В конце концов охотники окончательно выбились из сил, были вынуждены отрезать гарпуны и выбраться на берег, где я их и застал в довольно удрученном состоянии. Ждать отлив им пришлось бы долго, да и не было никаких гарантий, что окунь вместе с гарпунами к тому времени все еще будет на месте.

Увидев, как я выгружаю из машины акваланг, Хорначек бросился ко мне с просьбой оказать им посильную помощь.

Я, конечно, без всяких колебаний согласился, надел акваланг и погрузился в океан. Разыскав злополучного окуня, я освободил его вместе с гарпунами из-под валуна и вытащил на берег.

Радости охотников и их стремлению отблагодарить меня не было предела. Мы сфотографировались рядом с окунем группой и каждый в отдельности и договорились в тот же вечер собраться на вилле одного из экспертов ООН, чтобы полакомиться заливным. Ну, а где заливное, там и все прочее, что полагается в таких случаях!

Так я стал полноправным членом интернационального охотничьего коллектива, страхуя рыболовов в открытом океане и периодически выручая их из различных затруднительных ситуаций. Делал я это, как, впрочем, и все остальное в своей профессиональной жизни, не бескорыстно, но корысть моя заключалась в том, чтобы расширить круг своих знакомств в европейской колонии и организовать «охоту» на какого-нибудь носителя интересующей меня информации.

Вот и в это воскресенье мы договорились встретиться в одной океанской бухточке и поохотиться на мурен, из которых Хорначек умел готовить изысканные блюда. А когда на столе изысканные блюда, то и компания собирается им под стать!

Я уже проверил акваланг, накачал пневматическое охотничье ружье и заканчивал другие приготовления, как раздался звонок в дверь. В чем был — в шортах и голый до пояса — я пошел открывать.

В прихожей стоял подтянутый мужчина средних лет в костюме модели «три кармана» из блестящей ткани «тропикаль» темно синею цвета, которые так любят носить европейцы, работающие в Африке.

— Доброе утро, месье Вдовин, — сказал он. — Меня зовут Франсуа Сервэн. Я сотрудник ДСТ, работаю советником в госсекретариате внутренних дел и безопасности. Вот мое служебное удостоверение.

Он мог ничего мне не показывать. Я поверил бы ему на слово, тем более что отлично знал Сервэна в лицо. Но чтобы не выдать нашего заочного знакомства, я проявил нескрываемый интерес к протянутому им удостоверению. Когда я вдоволь им налюбовался, Сервэн сказал:

— Мне нужно с вами поговорить по личному делу.
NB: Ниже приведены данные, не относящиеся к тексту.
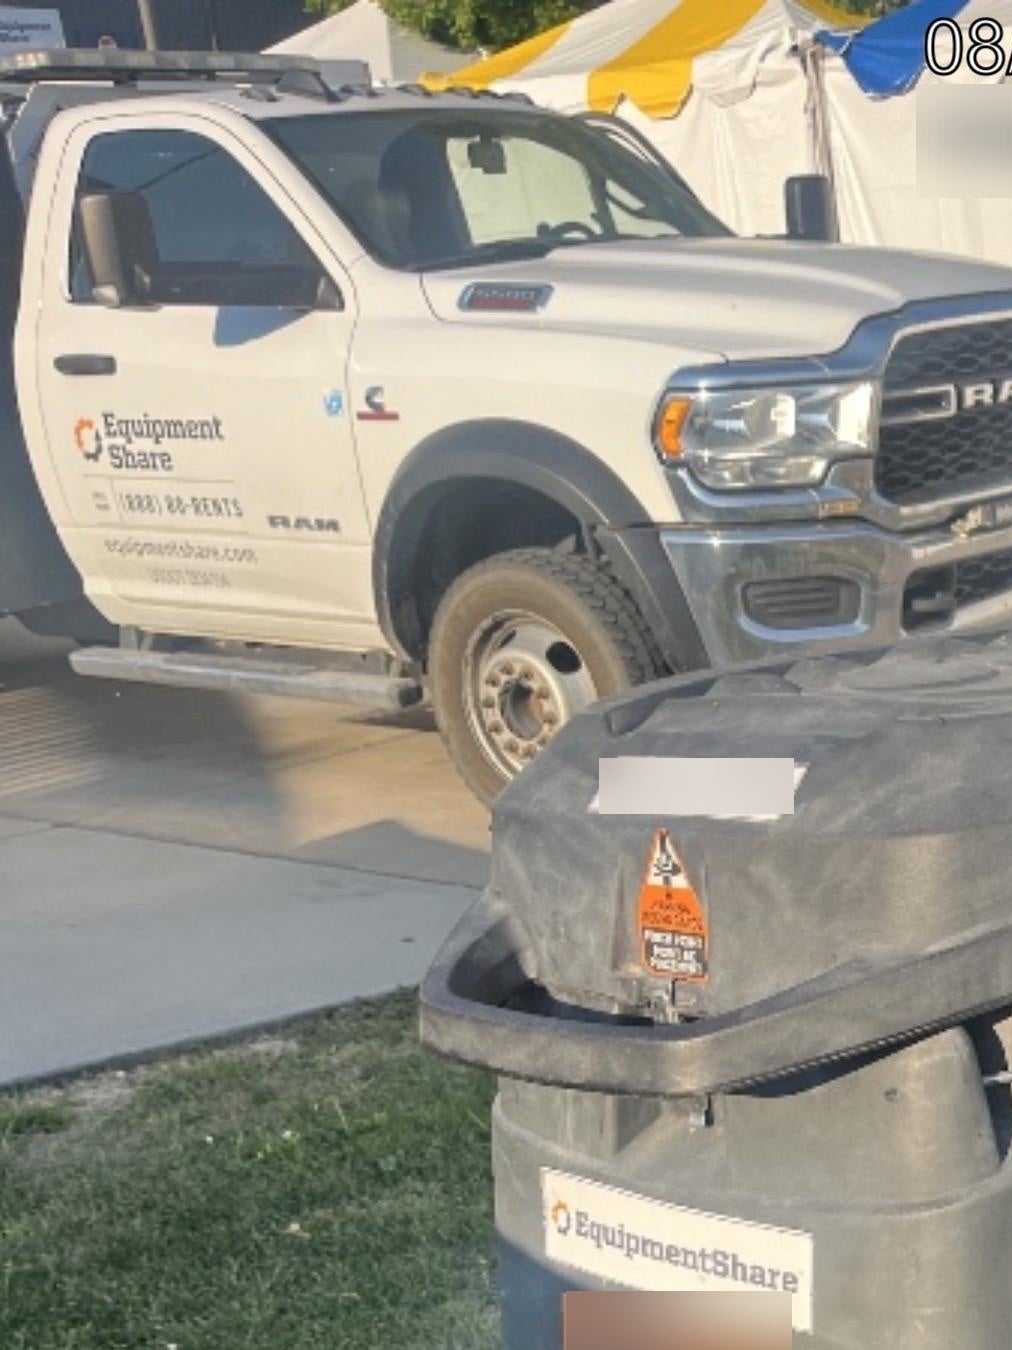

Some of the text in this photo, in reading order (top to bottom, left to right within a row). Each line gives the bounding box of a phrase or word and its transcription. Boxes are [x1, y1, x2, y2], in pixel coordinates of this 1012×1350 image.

[102, 411, 226, 445] Equipment
[107, 443, 174, 472] Share
[266, 514, 341, 533] RAM
[574, 1211, 799, 1293] EquipmentShare
Как ни странно, но если опустить ряд сугубо индивидуальных деталей, он почти слово в слово повторил то, что несколько дней назад ему сказал Саша Усалев, когда стоял на пороге его квартиры.

И как тогда Сервэн, я на какое-то время онемел от неожиданности, соображая, как мне поступить: идти с ним на этот разговор или нет? И меня, как и его тогда, тоже можно было понять: не каждый день к дипломату приходят сотрудники контрразведки, да еще без предварительного уведомления!
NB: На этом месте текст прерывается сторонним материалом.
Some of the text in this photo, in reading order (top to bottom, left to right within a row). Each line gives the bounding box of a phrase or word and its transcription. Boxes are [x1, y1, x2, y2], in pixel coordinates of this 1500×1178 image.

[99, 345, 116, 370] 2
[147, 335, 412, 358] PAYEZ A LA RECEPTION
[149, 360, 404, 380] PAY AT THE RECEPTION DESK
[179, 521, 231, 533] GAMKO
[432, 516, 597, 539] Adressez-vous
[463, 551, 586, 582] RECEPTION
Но как и мы при планировании визита к Сервэну, он, видимо, тоже рассчитывал, что профессиональное любопытство обязательно возьмет верх, хотя, в отличие от него, я рисковал значительно больше: я находился на чужой территории, и малейшая ошибка с моей стороны неизбежно закончилась бы выдворением из страны!

Исторически сложилось так, что в кадры внешней разведки КГБ шли выпускники гражданских учебных заведений и сотрудники территориальных органов. Естественно, и те, и другие приходили на работу в разведку с различной оперативной подготовкой: у одних за плечами была только разведывательная школа, у других в дополнение к этому — какое-то контрразведывательное учебное заведение и практический опыт работы в контрразведке.
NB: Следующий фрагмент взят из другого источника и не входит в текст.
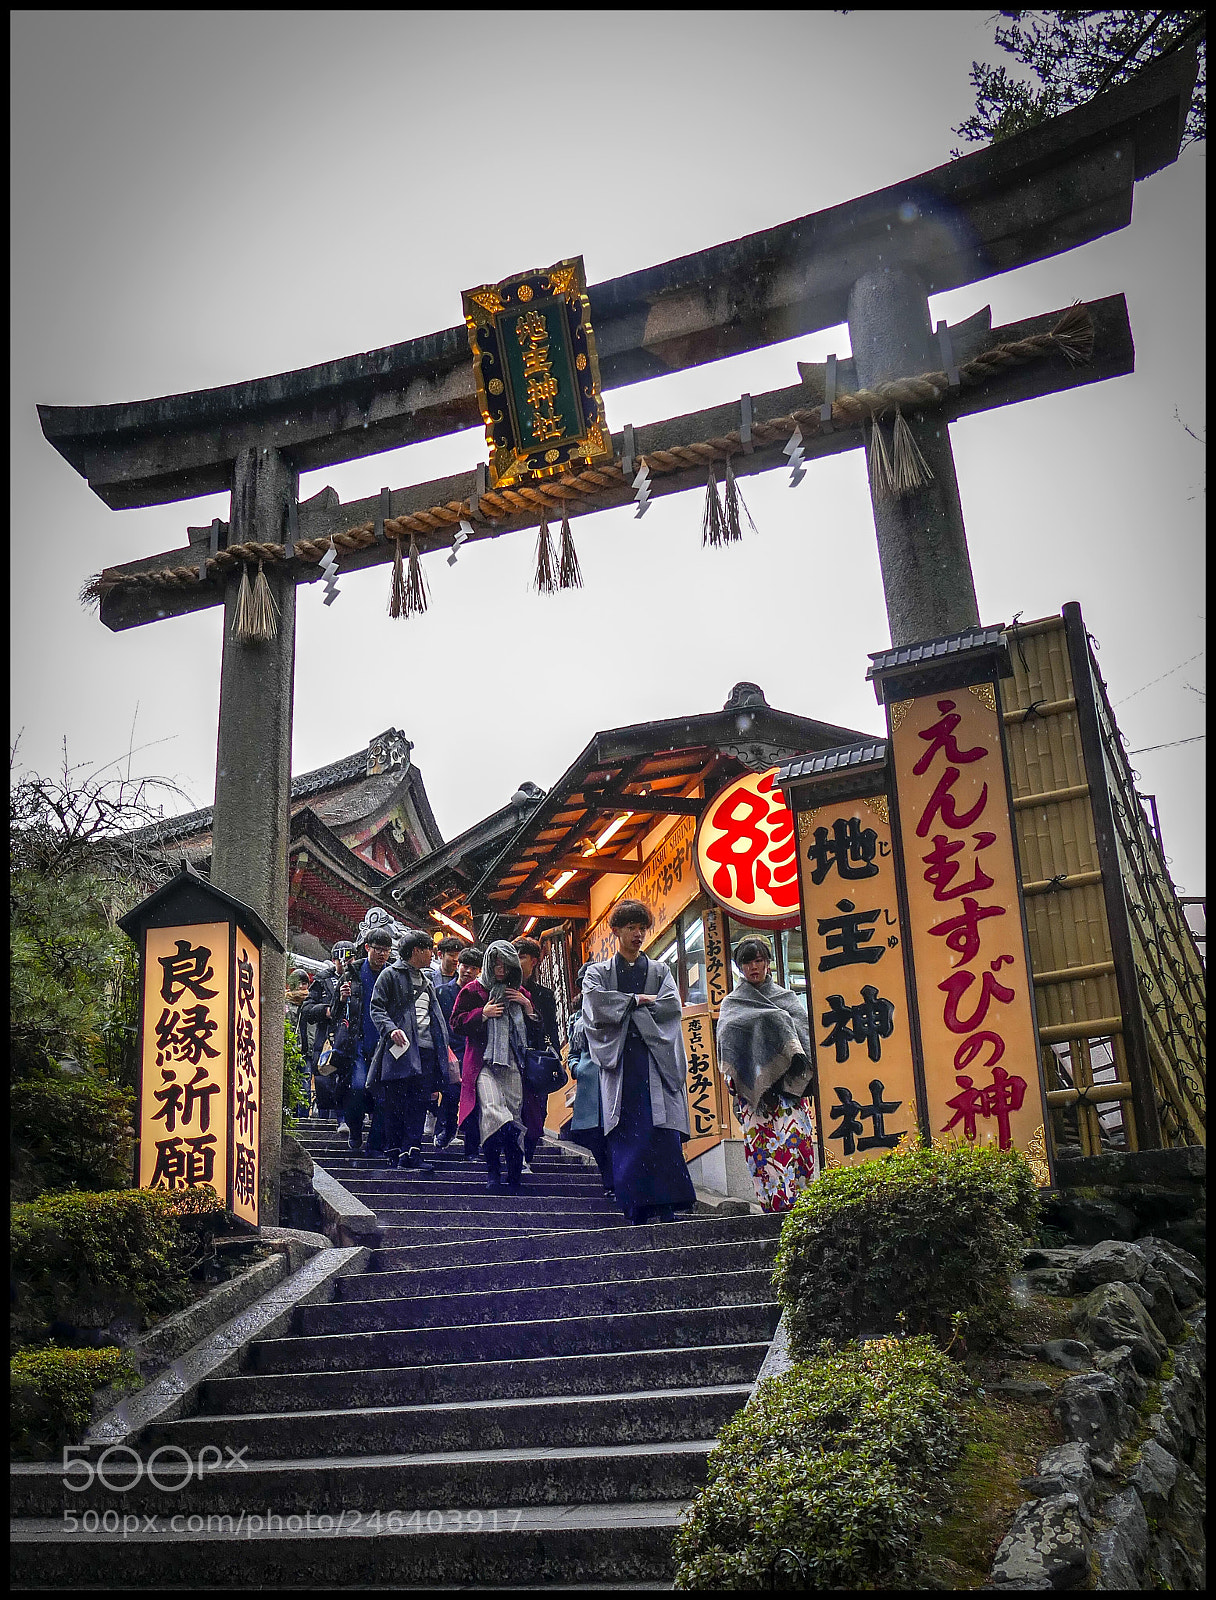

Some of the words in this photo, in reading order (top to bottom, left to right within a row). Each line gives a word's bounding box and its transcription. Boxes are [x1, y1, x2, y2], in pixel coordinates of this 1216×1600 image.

[808, 817, 907, 1156] 地主神社
[912, 699, 1029, 1153] えんむすびの神
[150, 939, 221, 1191] 良縁祈願
[235, 948, 257, 1212] 良縁祈願
[687, 1019, 716, 1134] 恋占いおみくじ
Что лучше — прийти на работу в разведку, имея контрразведывательную подготовку, или нет — однозначно ответить нельзя. Конечно, любые знания и опыт всегда полезны, и лучше знать больше, чем не знать ничего, но иногда случалось так, что эта самая контрразведывательная подготовка играла с разведчиками злую шутку: им, хорошо знавшим, как организована работа контрразведки и каким вниманием и «заботой» она может окружить любого, тем более иностранного дипломата или человека, подозреваемого в принадлежности к разведке, порой всюду мерещились слежка, подставляемые агенты, микрофоны и прочие оперативные средства, которых в арсенале контрразведки больше, чем может себе вообразить непосвященный человек.

И такие разведчики начинали, как говорится, бояться собственной тени! Некоторым казалось, что они постоянно находятся «под колпаком» у контрразведки, что вокруг них только ее сотрудники и агенты, а в такой обстановке, сами понимаете, на большие достижения в разведывательной работе рассчитывать трудно. Это с одной стороны.

А с другой, разведчики, имевшие смутное или весьма приблизительное представление о возможностях контрразведки и методах ее работы, в порядке компенсации были лишены многих комплексов и потому, действуя решительно и смело, без оглядки на возможные козни, нередко добивались неплохих результатов. Но иногда в два счета проваливались, не узрев расставленные им контрразведкой западни или попав в какую-нибудь ловушку.

Вот и задумаешься, что лучше: все знать, всего опасаться и поэтому ничего не делать, или ничего не знать, игнорировать опасность и быстро погореть?

Видимо, лучше обходиться без этих крайностей, а найти золотую середину и работать, четко представляя все возможности контрразведки и умело обходя возводимые ею заслоны на пути к достижению стоящей перед тобой цели!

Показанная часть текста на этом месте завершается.